━━ Supplied entries ━━

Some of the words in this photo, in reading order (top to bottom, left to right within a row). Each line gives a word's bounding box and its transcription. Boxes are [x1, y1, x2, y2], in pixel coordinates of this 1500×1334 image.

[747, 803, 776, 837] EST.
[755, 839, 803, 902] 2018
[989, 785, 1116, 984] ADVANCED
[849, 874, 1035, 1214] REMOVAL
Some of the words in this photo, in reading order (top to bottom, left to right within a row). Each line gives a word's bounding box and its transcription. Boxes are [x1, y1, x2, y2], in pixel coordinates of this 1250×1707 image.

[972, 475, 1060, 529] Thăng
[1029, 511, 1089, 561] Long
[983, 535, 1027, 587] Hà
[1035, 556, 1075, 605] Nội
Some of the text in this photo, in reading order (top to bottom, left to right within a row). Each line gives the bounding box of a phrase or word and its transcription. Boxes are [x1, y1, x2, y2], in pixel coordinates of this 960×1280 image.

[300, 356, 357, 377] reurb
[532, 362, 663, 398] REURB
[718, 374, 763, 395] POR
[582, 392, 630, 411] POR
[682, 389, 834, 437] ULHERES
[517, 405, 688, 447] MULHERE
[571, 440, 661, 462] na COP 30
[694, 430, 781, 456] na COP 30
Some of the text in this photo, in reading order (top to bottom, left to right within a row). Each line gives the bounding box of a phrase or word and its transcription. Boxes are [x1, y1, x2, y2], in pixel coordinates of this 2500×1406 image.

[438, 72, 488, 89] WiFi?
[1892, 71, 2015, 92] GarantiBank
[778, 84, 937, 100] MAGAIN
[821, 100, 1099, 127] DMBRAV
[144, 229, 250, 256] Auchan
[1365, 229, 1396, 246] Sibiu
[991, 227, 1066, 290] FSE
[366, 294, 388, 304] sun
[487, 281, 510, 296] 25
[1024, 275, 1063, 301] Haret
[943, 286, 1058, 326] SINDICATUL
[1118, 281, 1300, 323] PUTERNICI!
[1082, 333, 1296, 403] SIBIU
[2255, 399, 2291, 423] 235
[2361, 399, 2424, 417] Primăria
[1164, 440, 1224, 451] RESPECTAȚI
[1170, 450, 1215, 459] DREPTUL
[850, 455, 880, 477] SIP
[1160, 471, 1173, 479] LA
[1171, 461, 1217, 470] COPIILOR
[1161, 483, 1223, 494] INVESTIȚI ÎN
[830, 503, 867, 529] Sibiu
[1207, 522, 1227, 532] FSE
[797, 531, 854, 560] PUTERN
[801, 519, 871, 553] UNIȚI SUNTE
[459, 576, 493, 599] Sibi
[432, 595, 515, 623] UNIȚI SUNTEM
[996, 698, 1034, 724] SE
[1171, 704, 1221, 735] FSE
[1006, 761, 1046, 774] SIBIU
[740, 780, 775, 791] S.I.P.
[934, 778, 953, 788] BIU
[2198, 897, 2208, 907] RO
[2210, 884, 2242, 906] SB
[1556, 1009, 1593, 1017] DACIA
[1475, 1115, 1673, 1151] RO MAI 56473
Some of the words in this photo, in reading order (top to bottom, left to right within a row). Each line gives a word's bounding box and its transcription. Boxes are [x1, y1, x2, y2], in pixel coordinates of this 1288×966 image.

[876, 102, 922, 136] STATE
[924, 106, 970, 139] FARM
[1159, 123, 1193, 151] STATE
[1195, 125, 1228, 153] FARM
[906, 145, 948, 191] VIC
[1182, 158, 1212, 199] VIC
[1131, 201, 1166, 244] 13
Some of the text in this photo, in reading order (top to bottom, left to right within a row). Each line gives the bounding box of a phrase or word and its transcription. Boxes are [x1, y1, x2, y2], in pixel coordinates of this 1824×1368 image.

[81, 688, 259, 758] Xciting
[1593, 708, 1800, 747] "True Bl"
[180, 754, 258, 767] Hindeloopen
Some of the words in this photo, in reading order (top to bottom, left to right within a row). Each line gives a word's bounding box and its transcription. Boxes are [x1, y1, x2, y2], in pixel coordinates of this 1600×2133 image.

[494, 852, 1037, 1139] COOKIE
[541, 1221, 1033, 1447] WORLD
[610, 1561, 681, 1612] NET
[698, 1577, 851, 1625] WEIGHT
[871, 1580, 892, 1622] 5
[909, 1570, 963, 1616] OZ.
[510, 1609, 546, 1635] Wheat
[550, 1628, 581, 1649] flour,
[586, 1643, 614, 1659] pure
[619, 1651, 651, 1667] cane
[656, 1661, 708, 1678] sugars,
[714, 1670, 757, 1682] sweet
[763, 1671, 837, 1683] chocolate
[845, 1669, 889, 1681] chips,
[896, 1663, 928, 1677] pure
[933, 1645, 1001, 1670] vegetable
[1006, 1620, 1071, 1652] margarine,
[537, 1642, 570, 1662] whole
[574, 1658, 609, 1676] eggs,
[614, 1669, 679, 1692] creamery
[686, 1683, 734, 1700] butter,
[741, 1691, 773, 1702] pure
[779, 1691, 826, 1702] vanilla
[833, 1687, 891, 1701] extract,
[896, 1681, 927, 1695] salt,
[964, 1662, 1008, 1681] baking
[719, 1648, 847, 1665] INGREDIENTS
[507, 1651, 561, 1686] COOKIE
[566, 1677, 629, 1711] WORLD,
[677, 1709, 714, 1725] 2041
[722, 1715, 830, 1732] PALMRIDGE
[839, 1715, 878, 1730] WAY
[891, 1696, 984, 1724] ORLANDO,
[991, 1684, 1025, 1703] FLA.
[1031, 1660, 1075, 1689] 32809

━━━

▸ **What the exercise asks**
Please repeat the lines above exactly, beginning with the line that contains "this 1824×1368 image." and ending with the final one.

▸ **Solution for this problem**
Some of the text in this photo, in reading order (top to bottom, left to right within a row). Each line gives the bounding box of a phrase or word and its transcription. Boxes are [x1, y1, x2, y2], in pixel coordinates of this 1824×1368 image.

[81, 688, 259, 758] Xciting
[1593, 708, 1800, 747] "True Bl"
[180, 754, 258, 767] Hindeloopen
Some of the words in this photo, in reading order (top to bottom, left to right within a row). Each line gives a word's bounding box and its transcription. Boxes are [x1, y1, x2, y2], in pixel coordinates of this 1600×2133 image.

[494, 852, 1037, 1139] COOKIE
[541, 1221, 1033, 1447] WORLD
[610, 1561, 681, 1612] NET
[698, 1577, 851, 1625] WEIGHT
[871, 1580, 892, 1622] 5
[909, 1570, 963, 1616] OZ.
[510, 1609, 546, 1635] Wheat
[550, 1628, 581, 1649] flour,
[586, 1643, 614, 1659] pure
[619, 1651, 651, 1667] cane
[656, 1661, 708, 1678] sugars,
[714, 1670, 757, 1682] sweet
[763, 1671, 837, 1683] chocolate
[845, 1669, 889, 1681] chips,
[896, 1663, 928, 1677] pure
[933, 1645, 1001, 1670] vegetable
[1006, 1620, 1071, 1652] margarine,
[537, 1642, 570, 1662] whole
[574, 1658, 609, 1676] eggs,
[614, 1669, 679, 1692] creamery
[686, 1683, 734, 1700] butter,
[741, 1691, 773, 1702] pure
[779, 1691, 826, 1702] vanilla
[833, 1687, 891, 1701] extract,
[896, 1681, 927, 1695] salt,
[964, 1662, 1008, 1681] baking
[719, 1648, 847, 1665] INGREDIENTS
[507, 1651, 561, 1686] COOKIE
[566, 1677, 629, 1711] WORLD,
[677, 1709, 714, 1725] 2041
[722, 1715, 830, 1732] PALMRIDGE
[839, 1715, 878, 1730] WAY
[891, 1696, 984, 1724] ORLANDO,
[991, 1684, 1025, 1703] FLA.
[1031, 1660, 1075, 1689] 32809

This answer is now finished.